[[ EXERCISE INPUTS open ]]

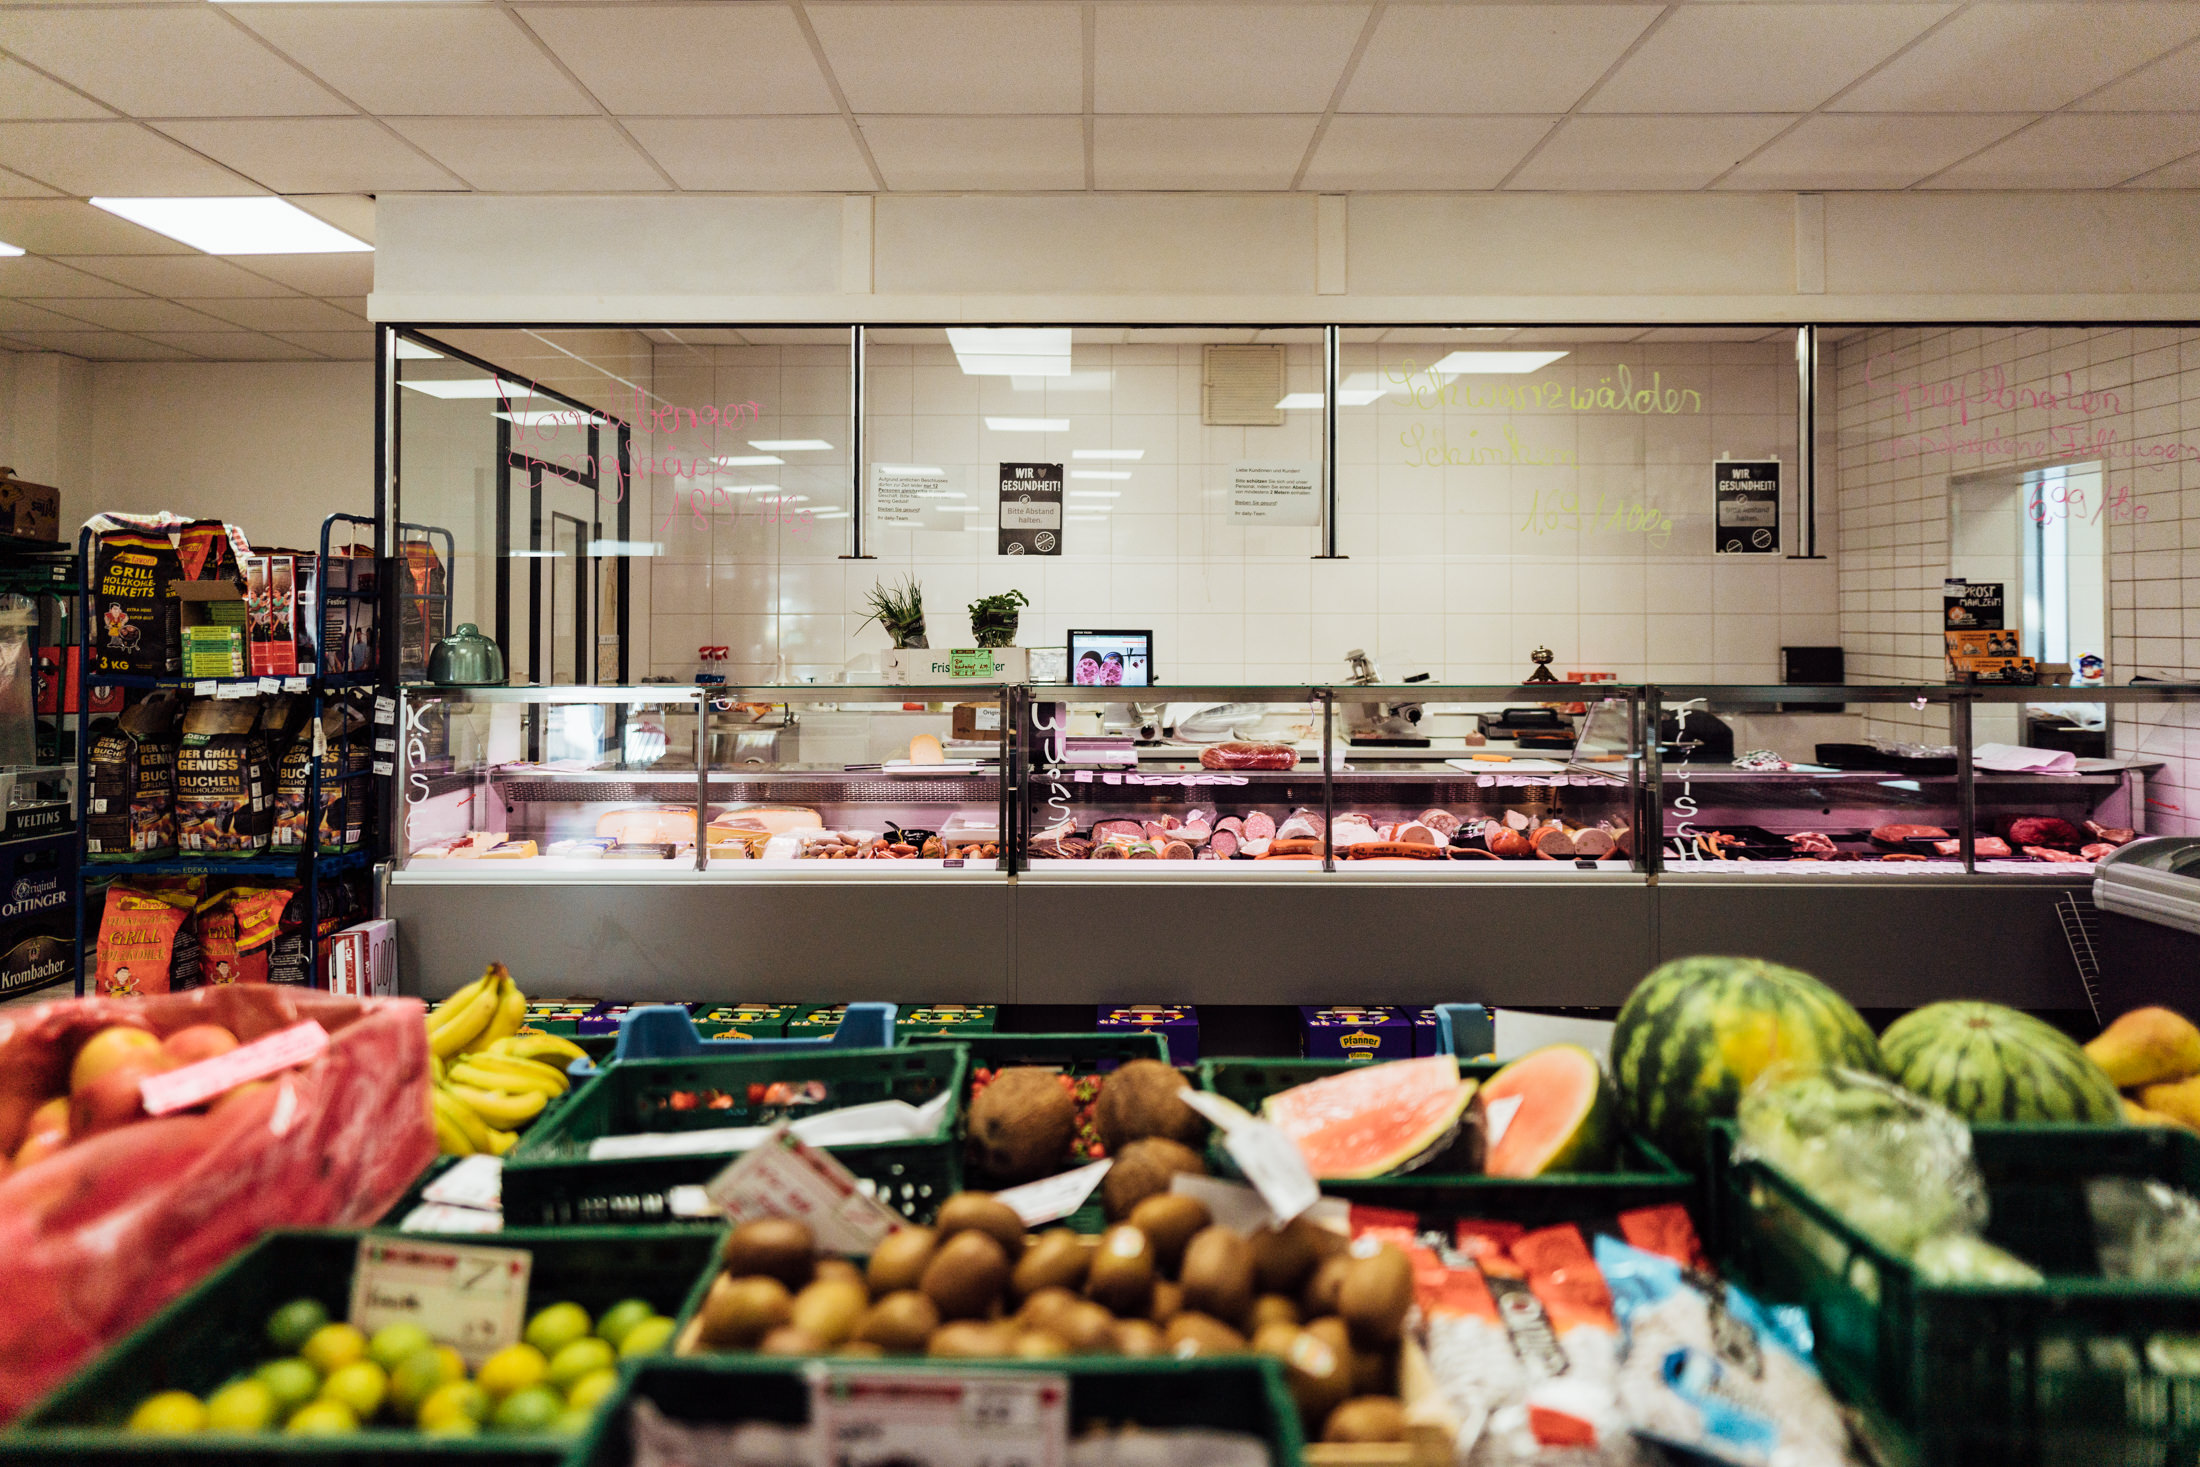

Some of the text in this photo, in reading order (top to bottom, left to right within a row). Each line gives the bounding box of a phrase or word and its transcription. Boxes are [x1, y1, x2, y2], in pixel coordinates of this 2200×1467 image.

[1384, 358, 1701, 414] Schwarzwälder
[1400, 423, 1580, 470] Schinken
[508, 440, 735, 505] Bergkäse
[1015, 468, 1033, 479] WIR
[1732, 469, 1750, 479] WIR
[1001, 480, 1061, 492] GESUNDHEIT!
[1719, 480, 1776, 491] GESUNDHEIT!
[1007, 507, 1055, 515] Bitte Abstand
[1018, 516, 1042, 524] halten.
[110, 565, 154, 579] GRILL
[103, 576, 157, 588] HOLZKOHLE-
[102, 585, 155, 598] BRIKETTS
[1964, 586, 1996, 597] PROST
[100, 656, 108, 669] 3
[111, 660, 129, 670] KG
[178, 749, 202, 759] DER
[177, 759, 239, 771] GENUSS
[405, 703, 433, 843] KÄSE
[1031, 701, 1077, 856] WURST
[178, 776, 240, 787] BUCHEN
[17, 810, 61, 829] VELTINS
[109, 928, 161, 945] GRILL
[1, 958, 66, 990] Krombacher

[[ EXERCISE INPUTS closed ]]

The records need to be restated word for word, minus any images.

• **WRITTEN ANSWER**
Some of the text in this photo, in reading order (top to bottom, left to right within a row). Each line gives the bounding box of a phrase or word and its transcription. Boxes are [x1, y1, x2, y2], in pixel coordinates of this 2200×1467 image.

[1384, 358, 1701, 414] Schwarzwälder
[1400, 423, 1580, 470] Schinken
[508, 440, 735, 505] Bergkäse
[1015, 468, 1033, 479] WIR
[1732, 469, 1750, 479] WIR
[1001, 480, 1061, 492] GESUNDHEIT!
[1719, 480, 1776, 491] GESUNDHEIT!
[1007, 507, 1055, 515] Bitte Abstand
[1018, 516, 1042, 524] halten.
[110, 565, 154, 579] GRILL
[103, 576, 157, 588] HOLZKOHLE-
[102, 585, 155, 598] BRIKETTS
[1964, 586, 1996, 597] PROST
[100, 656, 108, 669] 3
[111, 660, 129, 670] KG
[178, 749, 202, 759] DER
[177, 759, 239, 771] GENUSS
[405, 703, 433, 843] KÄSE
[1031, 701, 1077, 856] WURST
[178, 776, 240, 787] BUCHEN
[17, 810, 61, 829] VELTINS
[109, 928, 161, 945] GRILL
[1, 958, 66, 990] Krombacher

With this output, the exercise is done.